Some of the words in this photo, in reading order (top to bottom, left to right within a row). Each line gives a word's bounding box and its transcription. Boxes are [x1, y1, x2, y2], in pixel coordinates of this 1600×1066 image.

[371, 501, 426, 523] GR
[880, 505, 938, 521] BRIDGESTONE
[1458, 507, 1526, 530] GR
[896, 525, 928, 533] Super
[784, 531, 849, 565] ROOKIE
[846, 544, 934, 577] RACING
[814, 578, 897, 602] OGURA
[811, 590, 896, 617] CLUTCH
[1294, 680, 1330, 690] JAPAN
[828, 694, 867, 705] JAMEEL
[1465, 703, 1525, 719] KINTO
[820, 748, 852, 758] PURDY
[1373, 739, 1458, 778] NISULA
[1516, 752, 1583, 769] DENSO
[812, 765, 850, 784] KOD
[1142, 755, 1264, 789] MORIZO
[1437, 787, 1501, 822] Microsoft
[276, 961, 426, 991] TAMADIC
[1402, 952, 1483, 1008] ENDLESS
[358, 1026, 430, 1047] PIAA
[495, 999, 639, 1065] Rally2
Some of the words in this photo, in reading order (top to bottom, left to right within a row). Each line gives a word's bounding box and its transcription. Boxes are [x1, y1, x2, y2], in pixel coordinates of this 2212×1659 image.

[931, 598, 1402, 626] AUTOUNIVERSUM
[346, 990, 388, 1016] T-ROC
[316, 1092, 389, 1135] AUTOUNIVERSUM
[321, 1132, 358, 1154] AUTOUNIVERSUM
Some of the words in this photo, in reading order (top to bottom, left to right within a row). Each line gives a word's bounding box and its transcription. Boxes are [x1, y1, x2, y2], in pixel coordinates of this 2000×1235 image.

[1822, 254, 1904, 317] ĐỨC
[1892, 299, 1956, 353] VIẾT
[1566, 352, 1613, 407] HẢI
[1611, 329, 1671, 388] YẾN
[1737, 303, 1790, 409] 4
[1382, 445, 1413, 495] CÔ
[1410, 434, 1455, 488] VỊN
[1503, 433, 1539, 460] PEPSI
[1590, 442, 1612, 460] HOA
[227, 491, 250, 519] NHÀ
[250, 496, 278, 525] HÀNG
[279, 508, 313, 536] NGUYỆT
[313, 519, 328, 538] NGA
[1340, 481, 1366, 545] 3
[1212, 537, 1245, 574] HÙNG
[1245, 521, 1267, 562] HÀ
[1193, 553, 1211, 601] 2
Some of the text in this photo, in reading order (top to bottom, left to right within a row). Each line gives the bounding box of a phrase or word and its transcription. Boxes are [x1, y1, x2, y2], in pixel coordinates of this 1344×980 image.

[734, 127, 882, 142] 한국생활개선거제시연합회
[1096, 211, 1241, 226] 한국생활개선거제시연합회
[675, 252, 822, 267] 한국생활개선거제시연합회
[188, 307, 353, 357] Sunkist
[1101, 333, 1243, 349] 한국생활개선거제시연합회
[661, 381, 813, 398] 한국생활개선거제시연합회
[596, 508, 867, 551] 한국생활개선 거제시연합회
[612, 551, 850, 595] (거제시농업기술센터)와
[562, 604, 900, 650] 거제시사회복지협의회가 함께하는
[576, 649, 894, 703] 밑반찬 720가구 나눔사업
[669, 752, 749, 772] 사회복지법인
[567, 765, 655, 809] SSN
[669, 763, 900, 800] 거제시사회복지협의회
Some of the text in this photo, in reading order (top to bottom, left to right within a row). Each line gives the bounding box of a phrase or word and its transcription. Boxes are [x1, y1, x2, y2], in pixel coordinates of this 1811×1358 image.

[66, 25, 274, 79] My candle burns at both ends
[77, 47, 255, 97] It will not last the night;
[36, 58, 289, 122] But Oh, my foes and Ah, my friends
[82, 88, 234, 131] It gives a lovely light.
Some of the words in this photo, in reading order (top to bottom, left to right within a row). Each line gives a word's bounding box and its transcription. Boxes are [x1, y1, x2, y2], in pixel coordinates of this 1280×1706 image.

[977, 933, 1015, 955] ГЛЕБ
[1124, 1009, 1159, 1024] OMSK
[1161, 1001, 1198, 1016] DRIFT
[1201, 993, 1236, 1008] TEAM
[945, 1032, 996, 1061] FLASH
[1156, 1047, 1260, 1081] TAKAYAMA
□ □ □ □
- [Assigned task]: Write the entries out a second time. Match them exactly.

- [Response to the exercise]:
Some of the words in this photo, in reading order (top to bottom, left to right within a row). Each line gives a word's bounding box and its transcription. Boxes are [x1, y1, x2, y2], in pixel coordinates of this 1600×1066 image.

[371, 501, 426, 523] GR
[880, 505, 938, 521] BRIDGESTONE
[1458, 507, 1526, 530] GR
[896, 525, 928, 533] Super
[784, 531, 849, 565] ROOKIE
[846, 544, 934, 577] RACING
[814, 578, 897, 602] OGURA
[811, 590, 896, 617] CLUTCH
[1294, 680, 1330, 690] JAPAN
[828, 694, 867, 705] JAMEEL
[1465, 703, 1525, 719] KINTO
[820, 748, 852, 758] PURDY
[1373, 739, 1458, 778] NISULA
[1516, 752, 1583, 769] DENSO
[812, 765, 850, 784] KOD
[1142, 755, 1264, 789] MORIZO
[1437, 787, 1501, 822] Microsoft
[276, 961, 426, 991] TAMADIC
[1402, 952, 1483, 1008] ENDLESS
[358, 1026, 430, 1047] PIAA
[495, 999, 639, 1065] Rally2
Some of the words in this photo, in reading order (top to bottom, left to right within a row). Each line gives a word's bounding box and its transcription. Boxes are [x1, y1, x2, y2], in pixel coordinates of this 2212×1659 image.

[931, 598, 1402, 626] AUTOUNIVERSUM
[346, 990, 388, 1016] T-ROC
[316, 1092, 389, 1135] AUTOUNIVERSUM
[321, 1132, 358, 1154] AUTOUNIVERSUM
Some of the words in this photo, in reading order (top to bottom, left to right within a row). Each line gives a word's bounding box and its transcription. Boxes are [x1, y1, x2, y2], in pixel coordinates of this 2000×1235 image.

[1822, 254, 1904, 317] ĐỨC
[1892, 299, 1956, 353] VIẾT
[1566, 352, 1613, 407] HẢI
[1611, 329, 1671, 388] YẾN
[1737, 303, 1790, 409] 4
[1382, 445, 1413, 495] CÔ
[1410, 434, 1455, 488] VỊN
[1503, 433, 1539, 460] PEPSI
[1590, 442, 1612, 460] HOA
[227, 491, 250, 519] NHÀ
[250, 496, 278, 525] HÀNG
[279, 508, 313, 536] NGUYỆT
[313, 519, 328, 538] NGA
[1340, 481, 1366, 545] 3
[1212, 537, 1245, 574] HÙNG
[1245, 521, 1267, 562] HÀ
[1193, 553, 1211, 601] 2
Some of the text in this photo, in reading order (top to bottom, left to right within a row). Each line gives the bounding box of a phrase or word and its transcription. Boxes are [x1, y1, x2, y2], in pixel coordinates of this 1344×980 image.

[734, 127, 882, 142] 한국생활개선거제시연합회
[1096, 211, 1241, 226] 한국생활개선거제시연합회
[675, 252, 822, 267] 한국생활개선거제시연합회
[188, 307, 353, 357] Sunkist
[1101, 333, 1243, 349] 한국생활개선거제시연합회
[661, 381, 813, 398] 한국생활개선거제시연합회
[596, 508, 867, 551] 한국생활개선 거제시연합회
[612, 551, 850, 595] (거제시농업기술센터)와
[562, 604, 900, 650] 거제시사회복지협의회가 함께하는
[576, 649, 894, 703] 밑반찬 720가구 나눔사업
[669, 752, 749, 772] 사회복지법인
[567, 765, 655, 809] SSN
[669, 763, 900, 800] 거제시사회복지협의회
Some of the text in this photo, in reading order (top to bottom, left to right within a row). Each line gives the bounding box of a phrase or word and its transcription. Boxes are [x1, y1, x2, y2], in pixel coordinates of this 1811×1358 image.

[66, 25, 274, 79] My candle burns at both ends
[77, 47, 255, 97] It will not last the night;
[36, 58, 289, 122] But Oh, my foes and Ah, my friends
[82, 88, 234, 131] It gives a lovely light.
Some of the words in this photo, in reading order (top to bottom, left to right within a row). Each line gives a word's bounding box and its transcription. Boxes are [x1, y1, x2, y2], in pixel coordinates of this 1280×1706 image.

[977, 933, 1015, 955] ГЛЕБ
[1124, 1009, 1159, 1024] OMSK
[1161, 1001, 1198, 1016] DRIFT
[1201, 993, 1236, 1008] TEAM
[945, 1032, 996, 1061] FLASH
[1156, 1047, 1260, 1081] TAKAYAMA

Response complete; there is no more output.